Hyperparameter Optimization (HPO)

JFrog ML Documentation

Products
JFrog ML
Content Type
User Guide

This advanced build pattern enables you to specify parameters or parameter ranges for hyperparameter tuning jobs, helping you to enhance model performance by identifying the optimal settings.

Currently, JFrog ML supports training only on a single instance, whether CPU or GPU. As a result, all options described will apply to single-instance training.

For efficient model development, especially when training sessions are lengthy, consider using this guide in conjunction with Build Configurations. This approach allows for frequent iteration on model code without the need to retrain from scratch each time.

Key Concepts

  • Hyperparameters: These are configuration variables that control the learning process of a model. In the JFrog ML context, these are the parameters you'll be adjusting and testing in your Build jobs.
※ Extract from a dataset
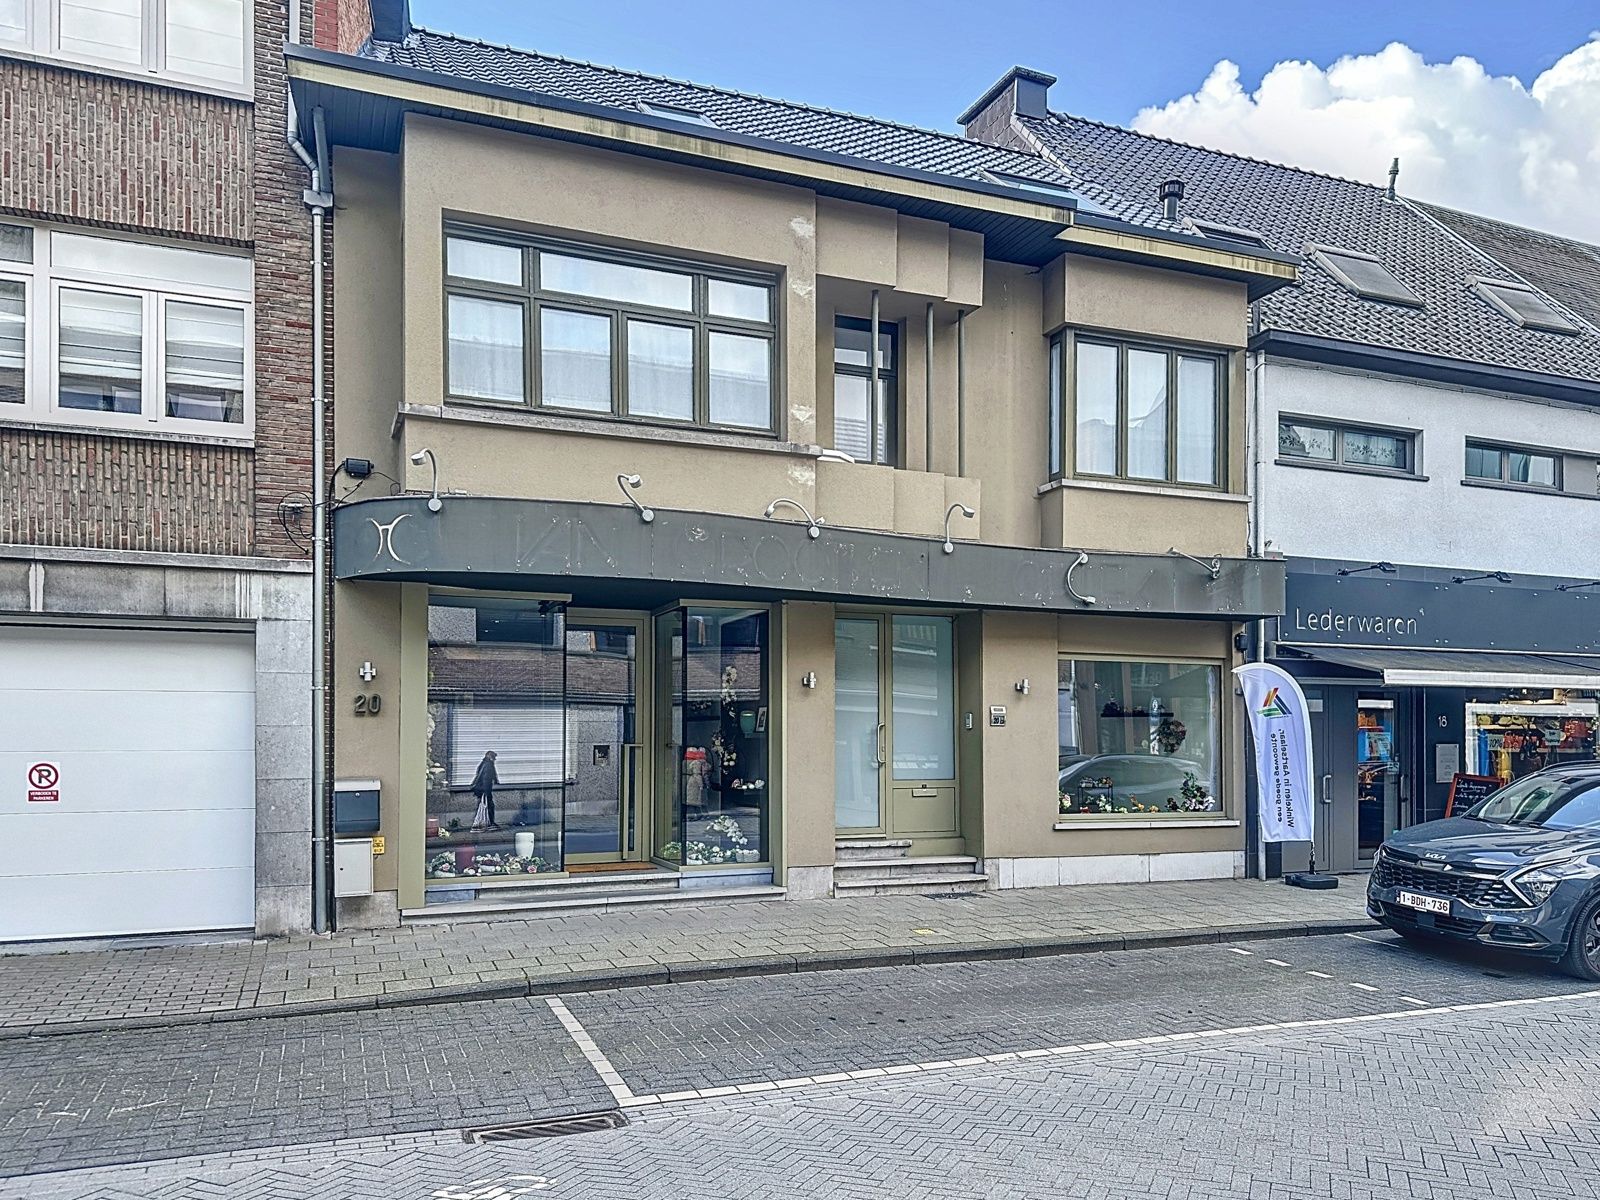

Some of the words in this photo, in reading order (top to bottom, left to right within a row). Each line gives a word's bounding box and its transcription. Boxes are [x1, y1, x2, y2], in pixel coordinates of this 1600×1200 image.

  • Hyperparameter Tuning: The process of finding the optimal set of hyperparameters for a model. In JFrog ML, this is done through Build jobs, where different combinations of hyperparameters are tested.

  • Build Jobs: JFrog ML mechanism for training and building models. These jobs provide the environment where your hyperparameter tuning takes place.

Passing Hyperparameters to Build Jobs

In JFrog ML, there are two primary methods for passing hyperparameters to your Build jobs:

  1. Via Configuration File

    This method involves defining your hyperparameters in a JSON file within your project structure.

    Project Structure
    .
    ├── README.md
    ├── main
    │   ├── __init__.py
    │   ├── conda.yml
    │   └── model.py
    └── tests
        └── it
            └── test_something.py

    The hyperparameters.json file is placed in the main directory, which ensures it will be automatically uploaded to the JFrog ML Build environment.

    Example JSON Configuration

    hyperparameters.json

    {
        "n_estimators": [50, 100, 200],
        "max_depth": [10, 20, 30],
        "learning_rate": [0.01, 0.1, 0.2]
    }

    This JSON structure defines ranges for each hyperparameter, which JFrog ML will use to test different combinations.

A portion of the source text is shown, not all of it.